One of the crucial factors in Wednesday's election has been the very high voter turnout, despite it being held in the coldest weather of any presidential poll since they began in 1987.
Final official figures show that nearly 76 percent of eligible South Koreans voted on Wednesday. In 2007, the voter turnout was nearly 63 percent and it was about 71 percent in 2002.
Both candidates fiercely debated the economy, which, as in many elections, is what matters most to voters.
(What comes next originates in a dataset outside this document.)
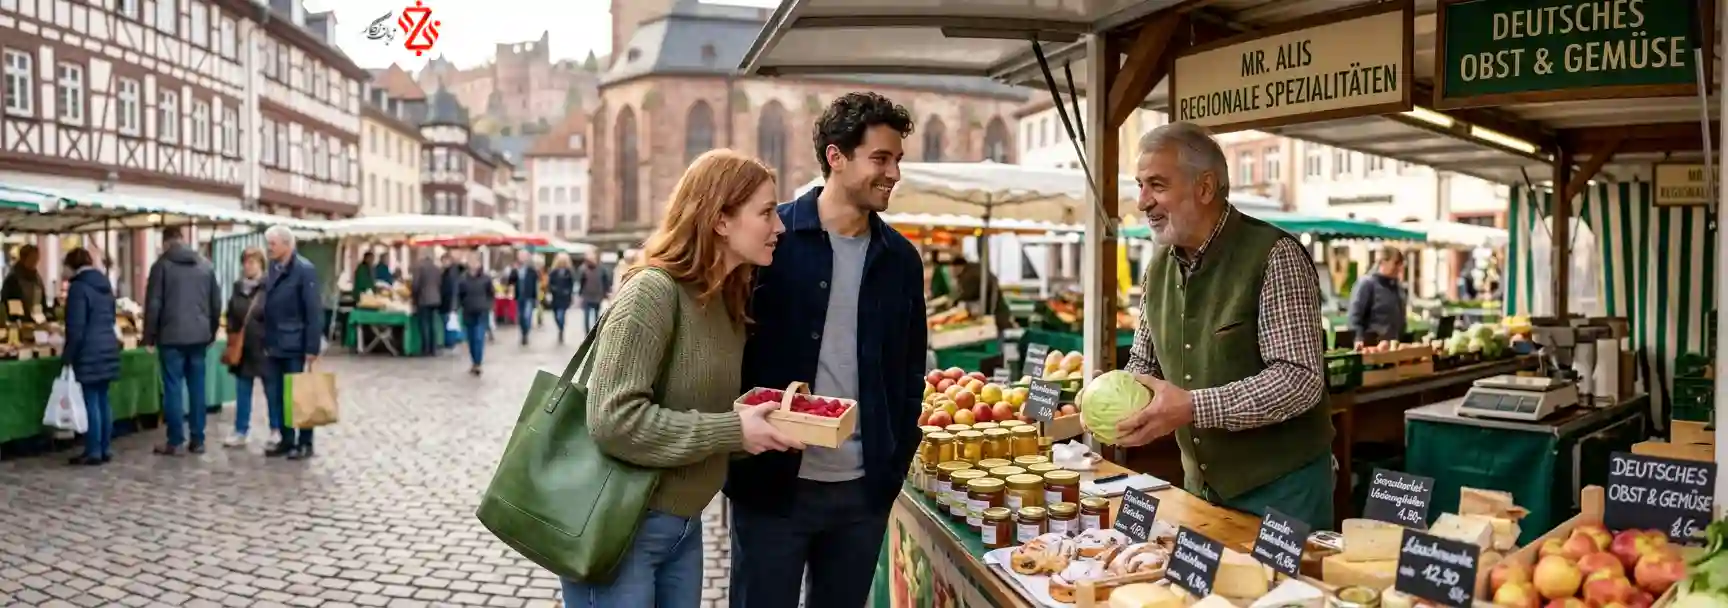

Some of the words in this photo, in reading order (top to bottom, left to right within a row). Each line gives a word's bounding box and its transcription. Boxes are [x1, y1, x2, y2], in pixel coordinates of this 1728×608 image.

Almost 1/5 of South Koreans earn less than half the national average income.
For many it is the country's growing gap between rich and poor, and a resentment of the country's economic elite families, the so-called chaebol conglomerates.
South Korea's economy grew by 1.6 percent this year, lower than initially estimated, which was blamed mainly on a rapidly ageing population and higher household debt.
"South Korea plays a very important role if you're thinking future in terms of however North Korea gets integrated into the region. [The] South Korean relationship with the US remains extraordinarily important in terms of trade … and if you think of security issues, South Korea's ability to maintain its military … all that hinges on the economy."
- Doug Bandow, a senior fellow at the Cato Institute
A more marginal issue in the campaign, though just as important in the long run, is what to do about North Korea.
The outgoing South Korean president has pursued an aggressive policy towards the nuclear-armed North, which seems to have turned off many voters.
In addition to promising greater engagement with Pyongyang, both candidates also promised to rein in South Korea's powerful family-run businesses.
Inside Story asks: What are the challenges ahead for South Korea's first female president?
Joining the discussion with presenter Hazem Sika are guests: Kwang Ho-chun, a senior lecturer and course leader for Asia-Pacific Studies at the University of Central Lancashire; John Swenson-Wright, a consulting fellow for the Asia Programme at Chatham House; and Doug Bandow, a senior fellow at the Cato Institute.
"What brought Park to be the president-elect are the memories of [her father]. Even though he was a dictator, he was the one who made South Koreans escape poverty, meaning the memories of a lot of older generation [voters]. I don't think her [personal background] will make any difference to her term in office."